Jyocho (じょうちょ, Jōcho) is a Japanese progressive and math rock band.

== History ==

Following the disbandment of Daijiro Nakagawa's previous band Uchu Conbini, he initially began Jyocho as a solo project with support from other musicians. He eventually decided to work with them more closely and include them in a band. Nakagawa intended the group to have their debut performance in 2016 at the Canadian tour of Next Music from Tokyo, where he had previously appeared with Uchu Conbini. However, vocalist Rionos was unwilling to perform. The band eventually performed in October 2017 with the vocalist Nekota Netako.

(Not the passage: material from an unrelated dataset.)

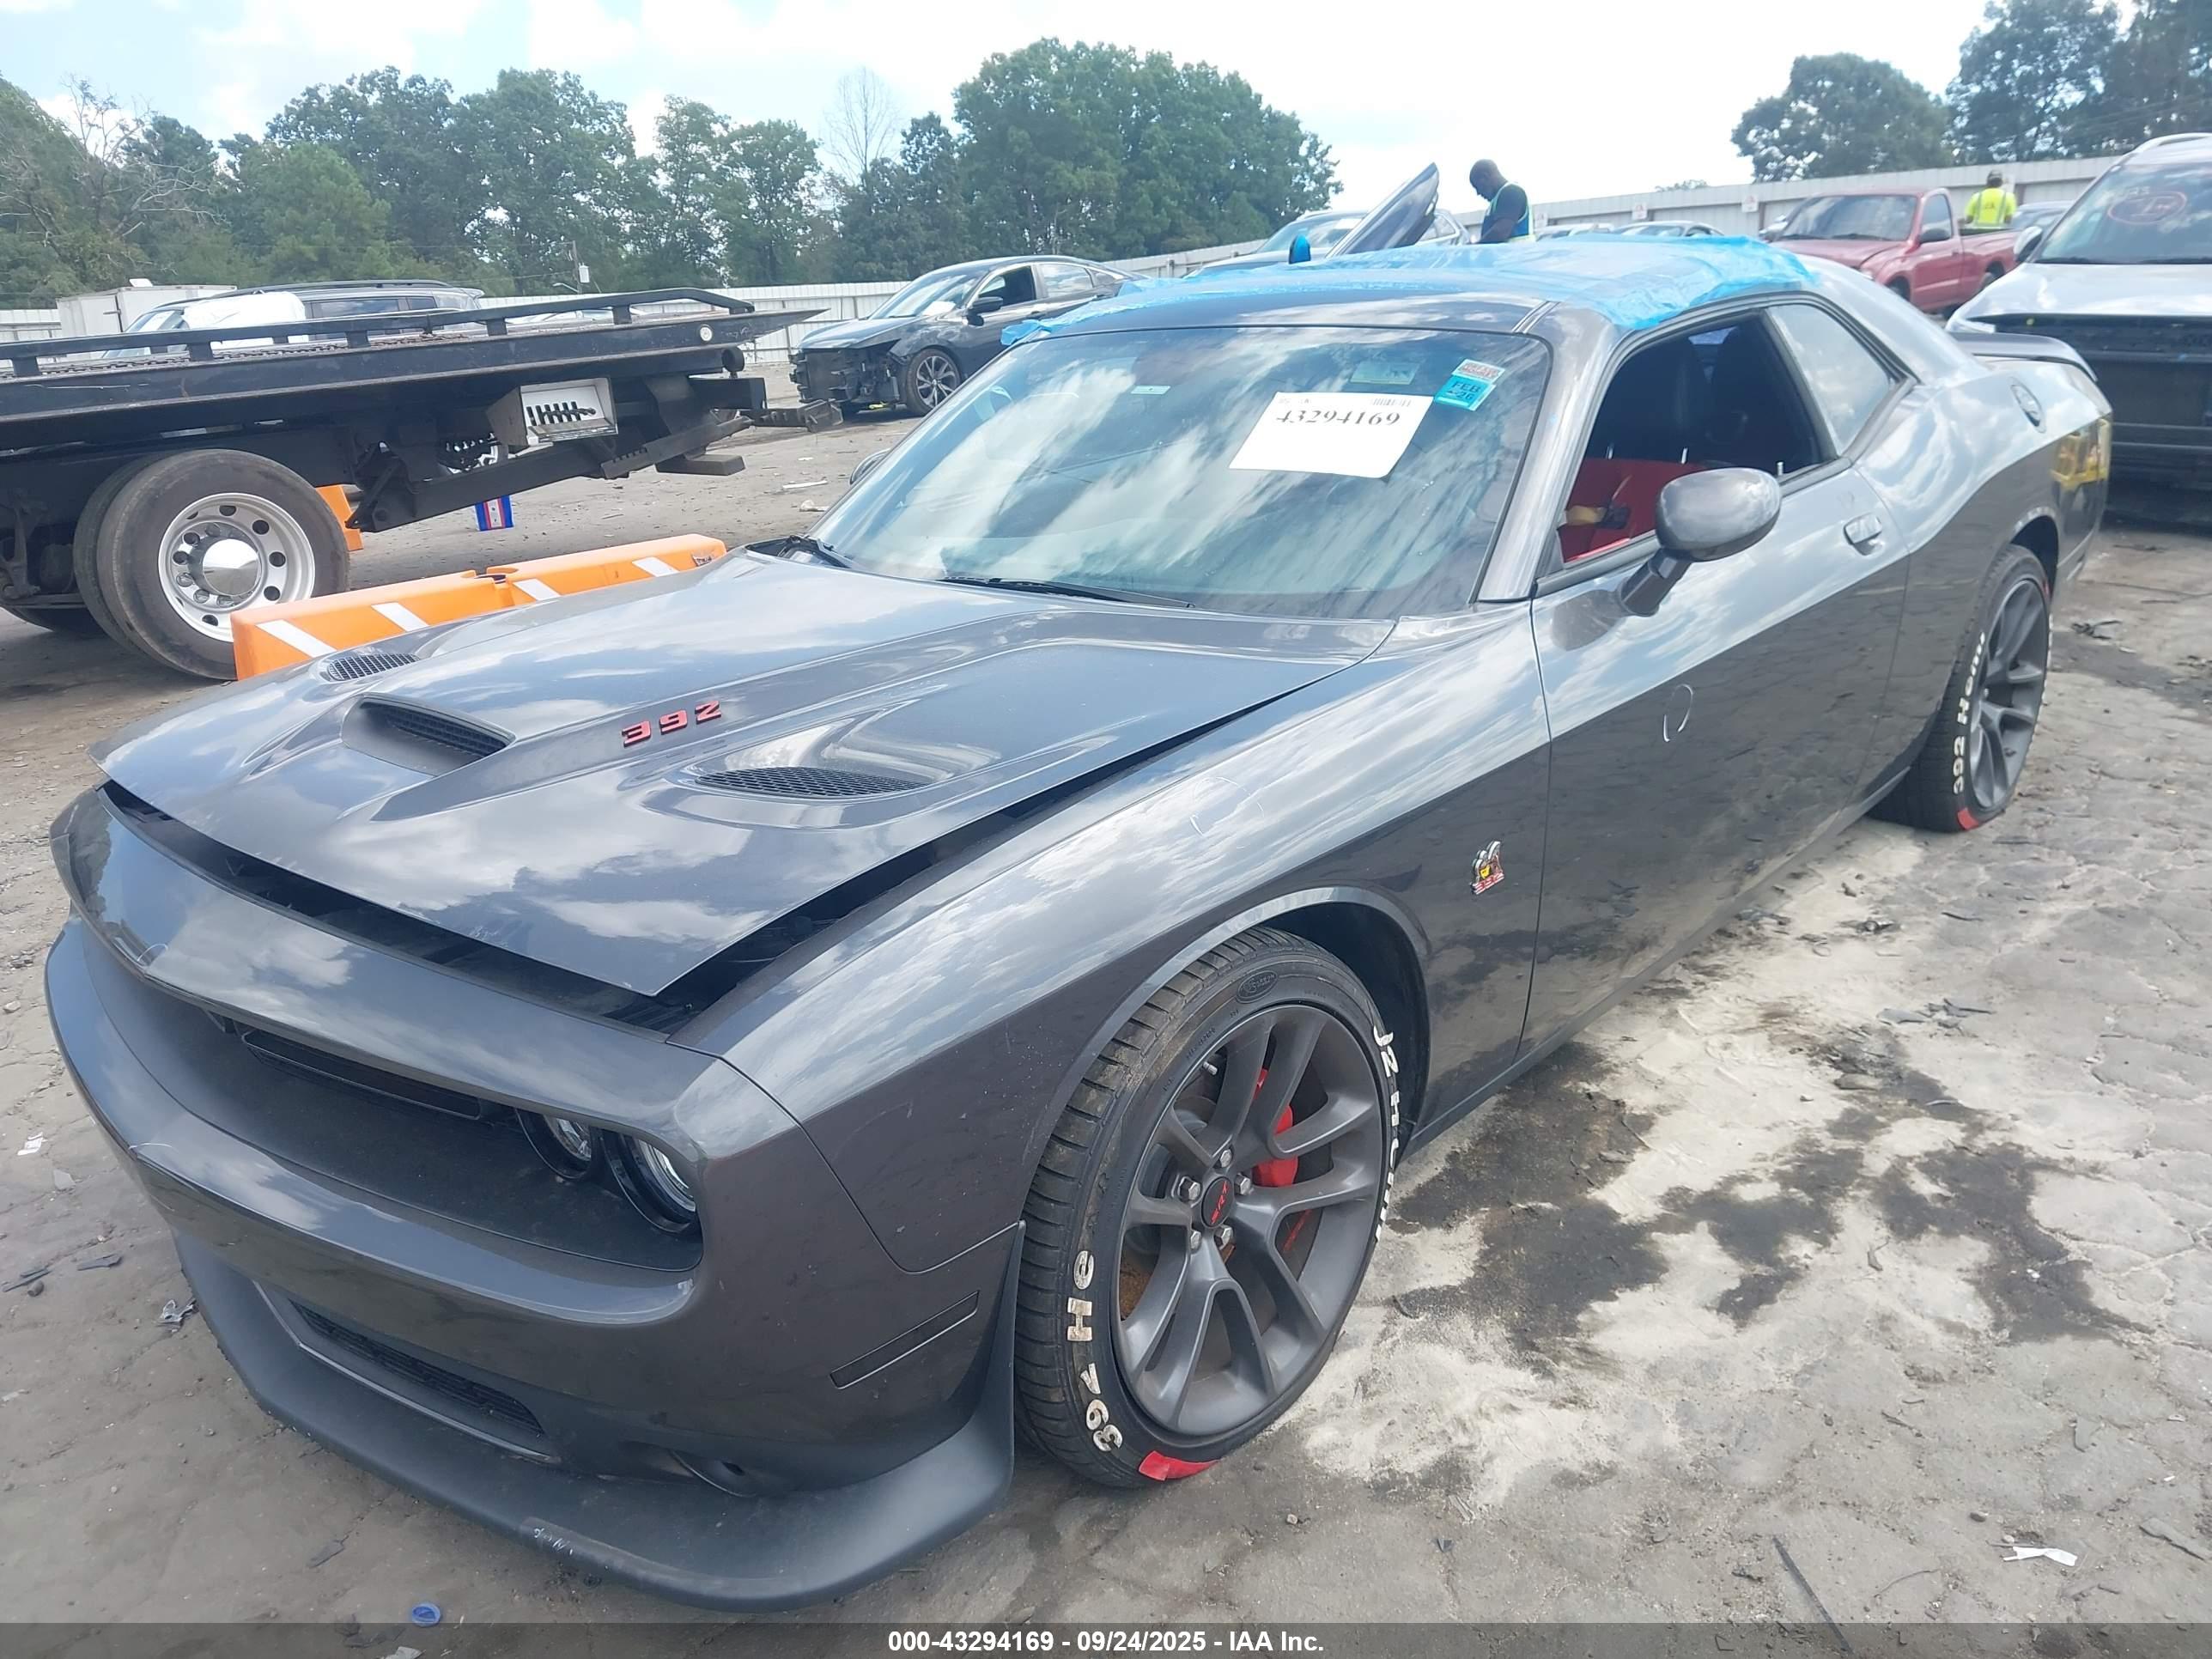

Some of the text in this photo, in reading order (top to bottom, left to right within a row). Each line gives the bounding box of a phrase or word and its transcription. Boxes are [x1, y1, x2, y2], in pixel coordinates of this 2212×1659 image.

In January 2023, the band's song "As the Gods Say" was featured as the opening theme of Junji Ito Maniac: Japanese Tales of the Macabre and appeared on an extended play (EP) of the same title. The song "Guide and Devote", from the EP of the same title, featured as the closing theme of the second season of Banished from the Hero's Party in January 2024.

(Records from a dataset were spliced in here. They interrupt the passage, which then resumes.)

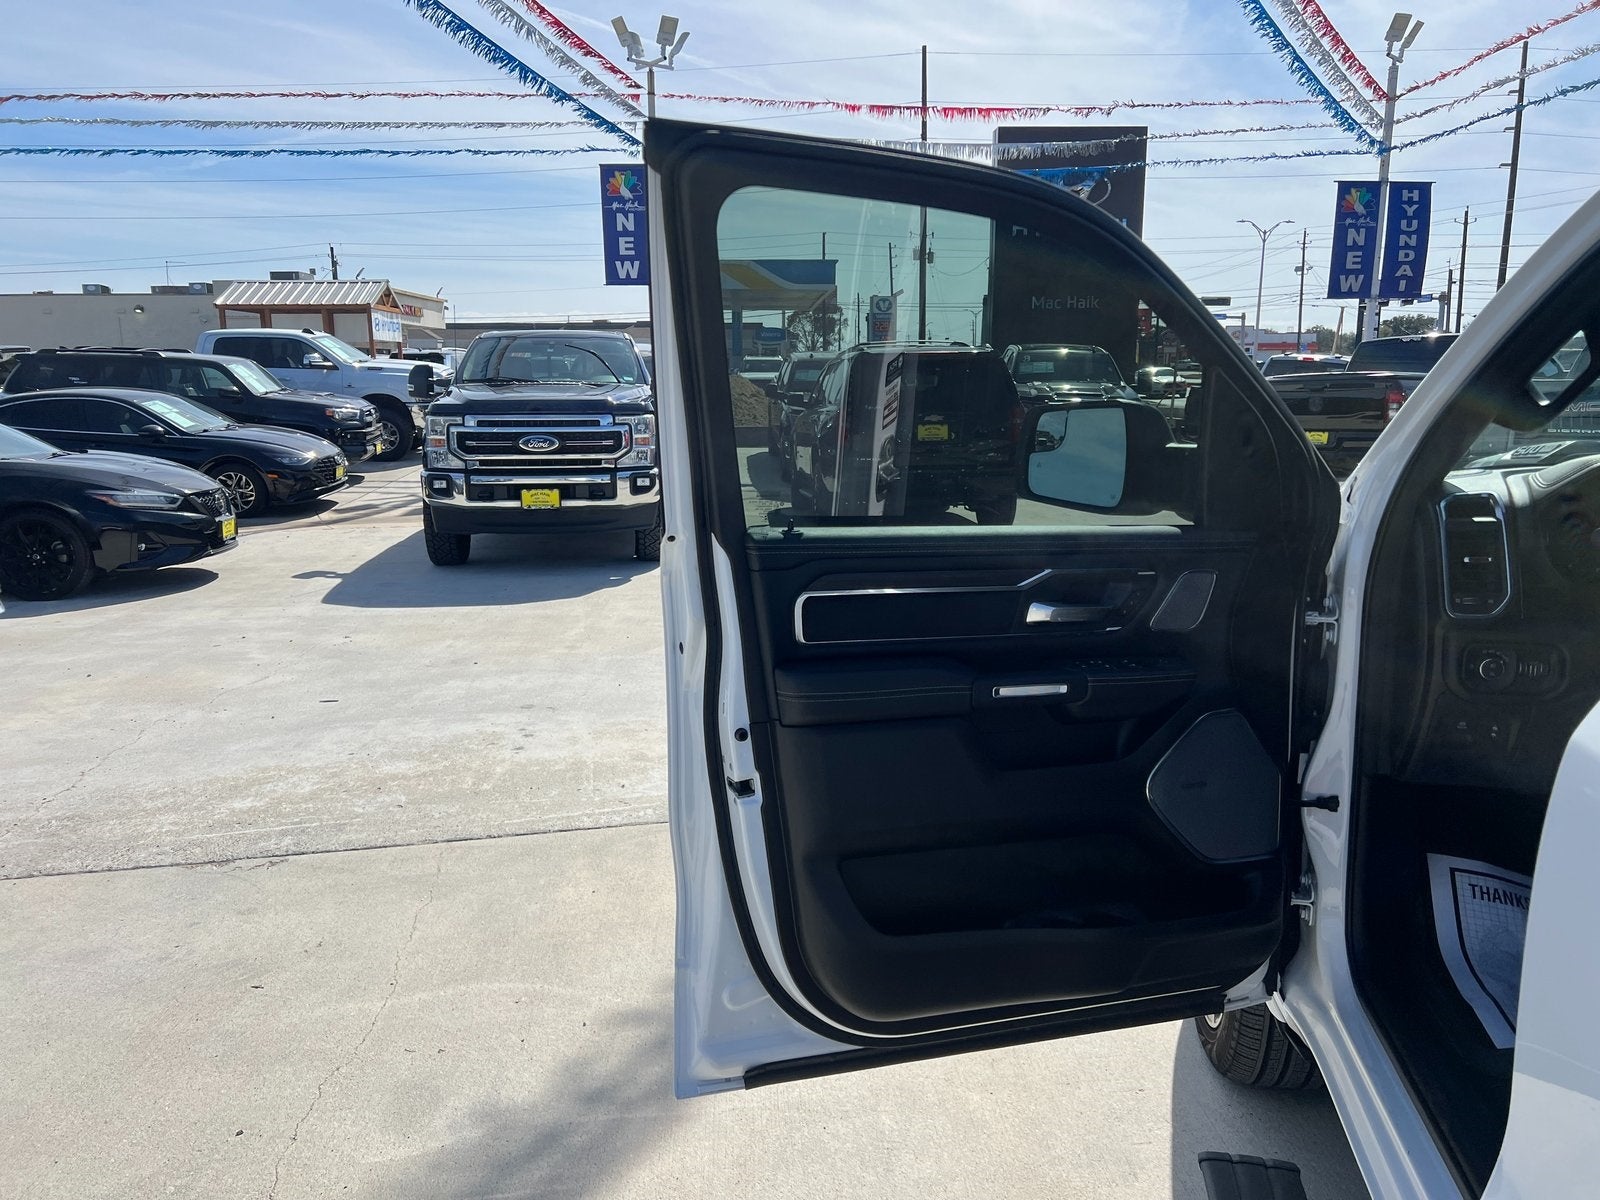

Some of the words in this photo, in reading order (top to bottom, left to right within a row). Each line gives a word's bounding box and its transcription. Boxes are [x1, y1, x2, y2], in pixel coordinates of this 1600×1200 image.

[615, 213, 640, 279] NEW
[1340, 228, 1366, 292] NEW
[1394, 189, 1420, 292] HYUNDAI
[1032, 296, 1062, 310] Mac
[1067, 296, 1100, 310] Haik
[1565, 402, 1600, 412] MC
[528, 438, 550, 448] Ford

In September 2024, the band announced the departure of the bassist Sindee.

== Reception ==

Akiho Minami, writing for Real Sound, described a 2019 live performance by the band as "intense" and at times akin to "madness". However, she appreciated the high level of technical proficiency displayed by the players, ultimately concluding that the band had a promising career ahead of them. The band's 2022 album Let's Promise to Be Happy was acclaimed by Anime News Network reviewer Nicholas Dupree, who appreciated Nakagawa's skill for guitar riffs as well as the overall "atmosphere" provided by the other performers. He also highlighted the record's "contemplative and melancholy" themes, commending the band's execution of the tone, which he described as "subtle but precise".

== Discography ==

=== Studio albums ===

- A Prayer in Vain (祈りでは届かない距離, Inoride wa todokanai kyori)
- Days in the Bluish House (碧い家で僕ら暮らす, Aoi ie de bokura kurasu)
- The Beautiful Cycle of Terminal (美しい終末サイクル, Utsukushii shuumatsu saikuru)
- Let's Promise to Be Happy (しあわせになるから、なろうよ, Shiawase ni naru kara, narouyo)
- Unforgettable Memories (忘れたくないこと, Wasuretakunai koto)

=== Extended plays ===

- A Parallel Universe (互いの宇宙, Tagai no uchuu)
- A Perfect Triangle, Rising Sun Human (綺麗な三角、朝日にんげん, Kireina sankaku, asahi ningen)
- As the Gods Say (云う透り, Iu toururi)
- Guide and Devote (導き、捧げて, Michibiki, sasagete)

=== Singles ===

- "Gather the Lights" (光あつめておいでよ, Hikari atsumete oideyo)
- "All the Same" (みんなおなじ, Minna onaji)
- "As the Gods Say" (Maniac ver.) (云う透り, Iu toururi)
- "Hijouni Kireina Jyocho" (2024)
- "Strong Body and Rich Future of Macho Minimal Fairy" (2024)
- "Lament the Passing of Spring" (2024)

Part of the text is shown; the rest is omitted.